Stored items:
:::::

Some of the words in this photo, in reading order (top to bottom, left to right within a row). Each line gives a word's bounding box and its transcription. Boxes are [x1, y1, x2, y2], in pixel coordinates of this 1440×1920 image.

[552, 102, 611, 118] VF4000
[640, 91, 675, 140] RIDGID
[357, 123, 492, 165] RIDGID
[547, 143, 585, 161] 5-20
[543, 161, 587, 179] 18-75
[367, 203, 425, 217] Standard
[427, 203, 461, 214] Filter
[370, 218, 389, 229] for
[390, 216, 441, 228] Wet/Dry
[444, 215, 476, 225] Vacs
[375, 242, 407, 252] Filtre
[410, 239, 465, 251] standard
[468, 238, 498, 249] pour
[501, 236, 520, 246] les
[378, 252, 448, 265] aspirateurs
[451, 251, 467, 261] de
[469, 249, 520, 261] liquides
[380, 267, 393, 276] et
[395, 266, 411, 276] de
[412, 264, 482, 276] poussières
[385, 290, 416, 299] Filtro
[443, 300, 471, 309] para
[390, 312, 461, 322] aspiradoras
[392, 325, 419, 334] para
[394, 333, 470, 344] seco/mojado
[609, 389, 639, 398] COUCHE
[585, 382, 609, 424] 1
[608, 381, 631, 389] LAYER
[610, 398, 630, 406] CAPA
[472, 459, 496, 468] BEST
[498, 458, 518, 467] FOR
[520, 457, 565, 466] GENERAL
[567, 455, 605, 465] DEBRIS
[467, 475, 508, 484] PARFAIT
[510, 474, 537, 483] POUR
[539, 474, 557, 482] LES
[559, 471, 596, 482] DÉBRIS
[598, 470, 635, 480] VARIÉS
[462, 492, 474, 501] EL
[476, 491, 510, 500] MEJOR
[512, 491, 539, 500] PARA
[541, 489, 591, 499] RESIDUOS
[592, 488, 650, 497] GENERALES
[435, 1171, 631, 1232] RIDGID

:::::

● **PROBLEM DETAILS**:
Write the entries above out again, verbatim.

● **SOLVED PROBLEM**:
Some of the words in this photo, in reading order (top to bottom, left to right within a row). Each line gives a word's bounding box and its transcription. Boxes are [x1, y1, x2, y2], in pixel coordinates of this 1440×1920 image.

[552, 102, 611, 118] VF4000
[640, 91, 675, 140] RIDGID
[357, 123, 492, 165] RIDGID
[547, 143, 585, 161] 5-20
[543, 161, 587, 179] 18-75
[367, 203, 425, 217] Standard
[427, 203, 461, 214] Filter
[370, 218, 389, 229] for
[390, 216, 441, 228] Wet/Dry
[444, 215, 476, 225] Vacs
[375, 242, 407, 252] Filtre
[410, 239, 465, 251] standard
[468, 238, 498, 249] pour
[501, 236, 520, 246] les
[378, 252, 448, 265] aspirateurs
[451, 251, 467, 261] de
[469, 249, 520, 261] liquides
[380, 267, 393, 276] et
[395, 266, 411, 276] de
[412, 264, 482, 276] poussières
[385, 290, 416, 299] Filtro
[443, 300, 471, 309] para
[390, 312, 461, 322] aspiradoras
[392, 325, 419, 334] para
[394, 333, 470, 344] seco/mojado
[609, 389, 639, 398] COUCHE
[585, 382, 609, 424] 1
[608, 381, 631, 389] LAYER
[610, 398, 630, 406] CAPA
[472, 459, 496, 468] BEST
[498, 458, 518, 467] FOR
[520, 457, 565, 466] GENERAL
[567, 455, 605, 465] DEBRIS
[467, 475, 508, 484] PARFAIT
[510, 474, 537, 483] POUR
[539, 474, 557, 482] LES
[559, 471, 596, 482] DÉBRIS
[598, 470, 635, 480] VARIÉS
[462, 492, 474, 501] EL
[476, 491, 510, 500] MEJOR
[512, 491, 539, 500] PARA
[541, 489, 591, 499] RESIDUOS
[592, 488, 650, 497] GENERALES
[435, 1171, 631, 1232] RIDGID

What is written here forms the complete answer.